▶ **What is expected**: Copy every entry word for word. Skip the pictures.

----

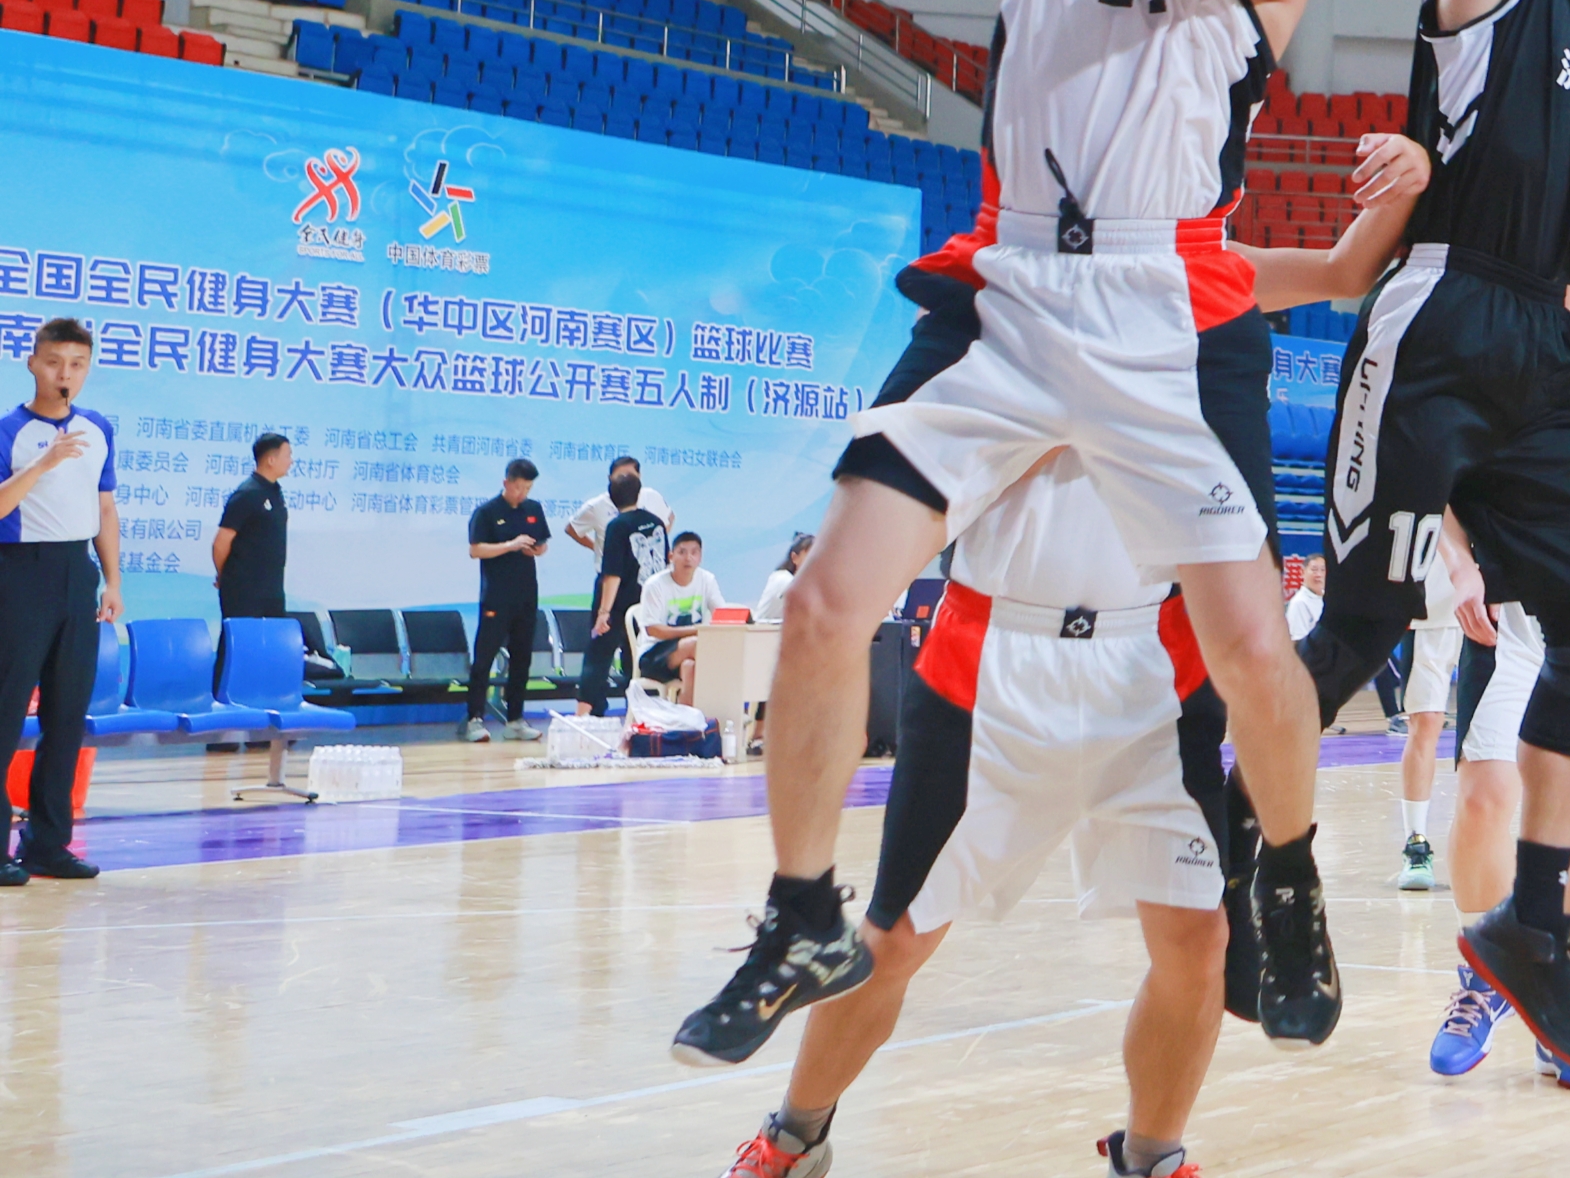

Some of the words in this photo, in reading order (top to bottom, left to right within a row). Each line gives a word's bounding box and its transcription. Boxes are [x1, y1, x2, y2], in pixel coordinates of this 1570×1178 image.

[386, 241, 491, 274] 中国体育彩票
[325, 427, 419, 453] 河南省总工会
[352, 460, 461, 485] 河南省体育总会
[1388, 510, 1443, 583] 10

----

▶ **Task response**:
Some of the words in this photo, in reading order (top to bottom, left to right within a row). Each line gives a word's bounding box and its transcription. Boxes are [x1, y1, x2, y2], in pixel coordinates of this 1570×1178 image.

[386, 241, 491, 274] 中国体育彩票
[325, 427, 419, 453] 河南省总工会
[352, 460, 461, 485] 河南省体育总会
[1388, 510, 1443, 583] 10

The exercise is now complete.